Till some years back, I knew what a burqa was only in theory. I had seen the pictures, but couldn’t imagine anyone wearing it. It so happened that I could also not imagine Shiv Sena ambulances in the city. I couldn’t understand why a friend said that Hindus need to stay united. It was incomprehensible to me as to why a favourite teacher of mine, who was a Christian, wasn’t allowed to enter a temple. Now, I know. I have also observed that the worship places are becoming larger and bigger. Is it because of the increase in population? Perhaps. But, it could also be due to the fact that religion as a practice has been overwrought with pretension, that spirituality and faith has ceased to be factors of consideration.  The looser your purse strings, the nearer you are to the creator. The hassles of life have given us a new tangential velocity, minuscule perhaps in its magnitude, but definitely enough to divert us to a desired orbit. The illusion of choice is so strong that the individual often ignores the associated side effects. Isn’t this the illusion that is alluded to in the chronicles of medievalist clergy? Heretics were burnt at stake. Those were simpler times. Heretic had only one meaning – one who defied the church’s decrees. Now, the manifolds of differentiation are so huge that even Riemann would fail at categorizing them.

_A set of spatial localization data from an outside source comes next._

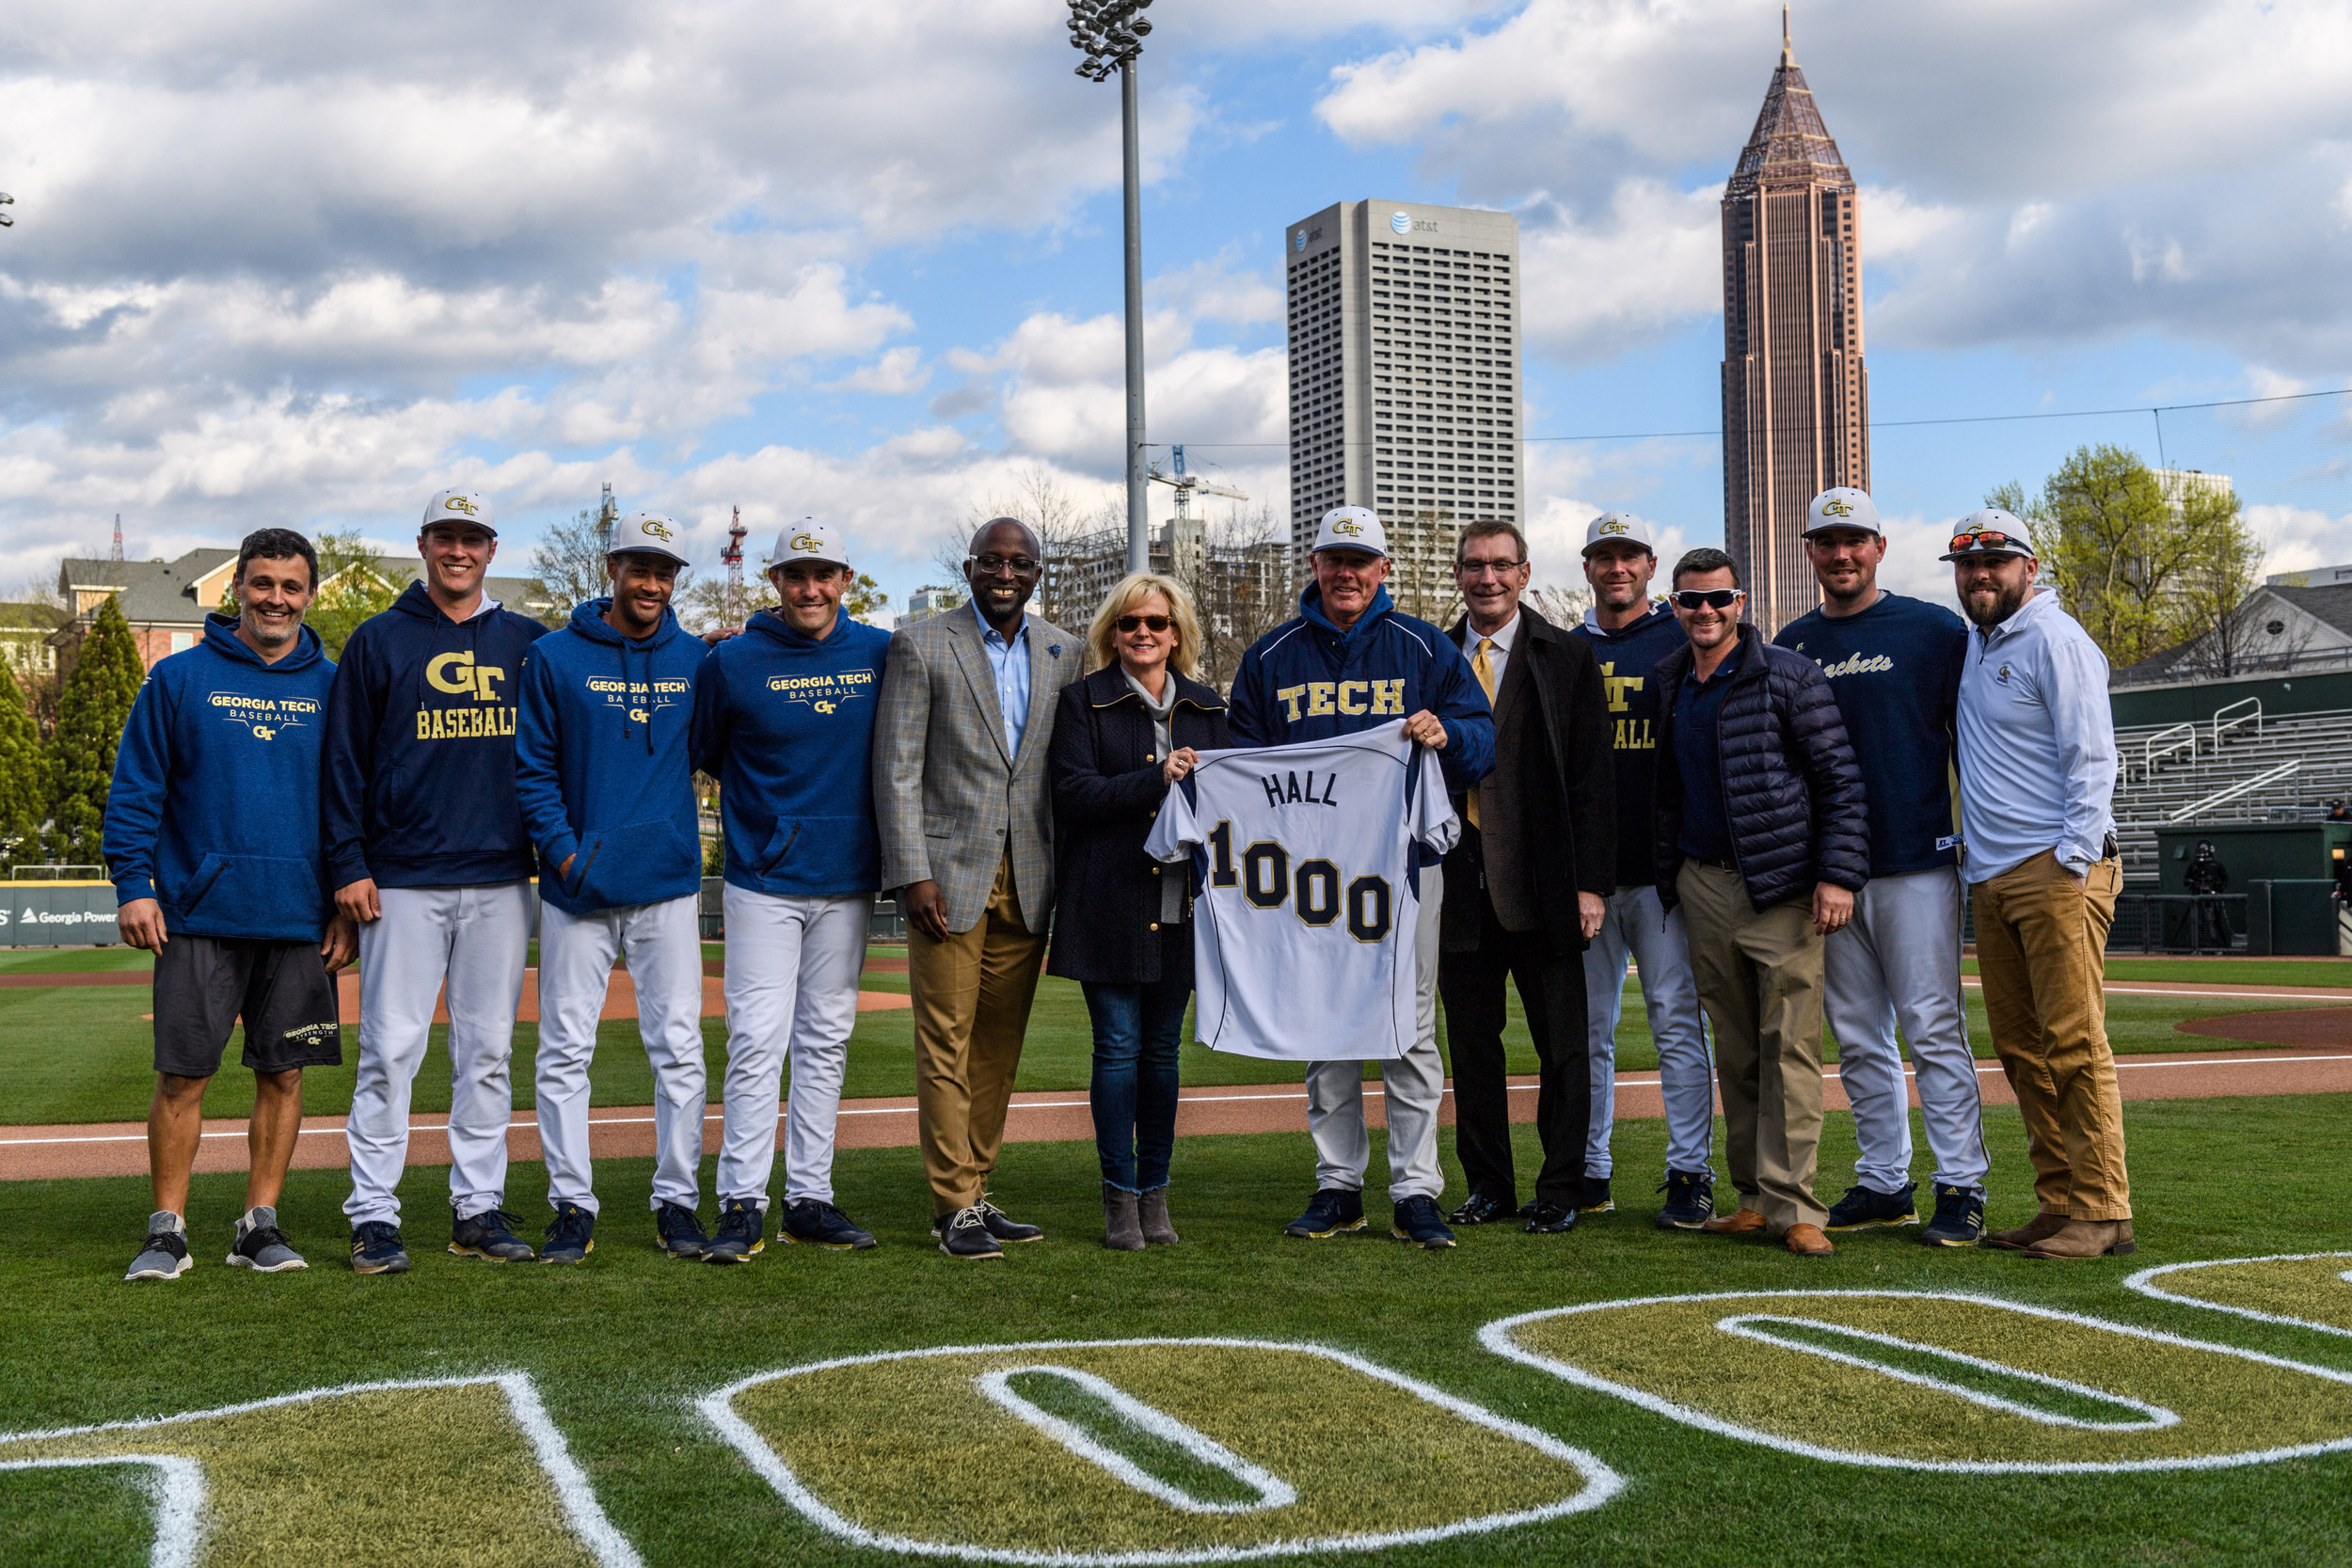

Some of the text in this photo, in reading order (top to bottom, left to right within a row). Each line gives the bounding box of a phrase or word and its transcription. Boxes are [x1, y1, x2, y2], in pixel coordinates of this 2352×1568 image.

[1413, 220, 1438, 233] at&t
[445, 496, 479, 516] GT
[1820, 499, 1853, 516] GT
[642, 520, 673, 542] GT
[1332, 518, 1364, 537] GT
[1599, 518, 1629, 534] GT
[790, 532, 823, 553] GT
[1815, 651, 1894, 678] ackets
[425, 650, 505, 701] GT
[771, 673, 872, 691] GEORGIA TECH
[590, 680, 686, 694] GEORGIA TECH
[789, 687, 857, 699] BASEBALL
[212, 695, 316, 714] GEORGIA TECH
[607, 694, 671, 705] BAEBLL
[814, 700, 836, 714] GT
[1277, 678, 1406, 723] TECH
[230, 709, 298, 722] BASEBALL
[628, 708, 650, 723] GT
[252, 725, 276, 741] GT
[1261, 769, 1338, 808] HALL
[1208, 819, 1392, 943] 1000
[39, 911, 118, 926] Georgia Power
[320, 1022, 338, 1031] TEC

Religion had the ultimate purpose of making sense of the universe. It did not begin with the intention of becoming exclusive clubs where the inquisitiveness was considered evil. But, society has evolved to a point where man being an in group animal, needing the interdependence, has failed to come up with any competent institution which caters to his need for survival, on a large scale. Political affinities can change. But religious sentiments seldom do and continue for generations. A friend once told me how her husband cannot stand Muslims. He has Muslim friends (I wonder!), but refuses to trust strange Muslims. The identity here is not friend. It is Muslim/Hindu/Jew/Christian friend.


Another question I have is whether globalization has something to do with this accelerated need to belong.  With the cosmopolitism typically associated with globalization, the world does shrink to the point where a person cannot perceive his/her roots as strongly as he/she would like to. It creates a vacuum and the need to force the identity further. What further accentuates this void is the capitalized packaging of religion. Religion thus becomes a commodity and the clergy become the shopkeepers. The subject-verb agreement is extremely distorted to the point where it becomes inordinately hard to trace the origin of each practice. This in turn acts as a constant bubble wrap around the ignorance that religion has nothing to do with faith. Or is it a kind of Barnum effect: catering to the subjective validation of the individuals who descended from social animals and using this evolutionary trait to negatively create spaces that are absolutely isolated?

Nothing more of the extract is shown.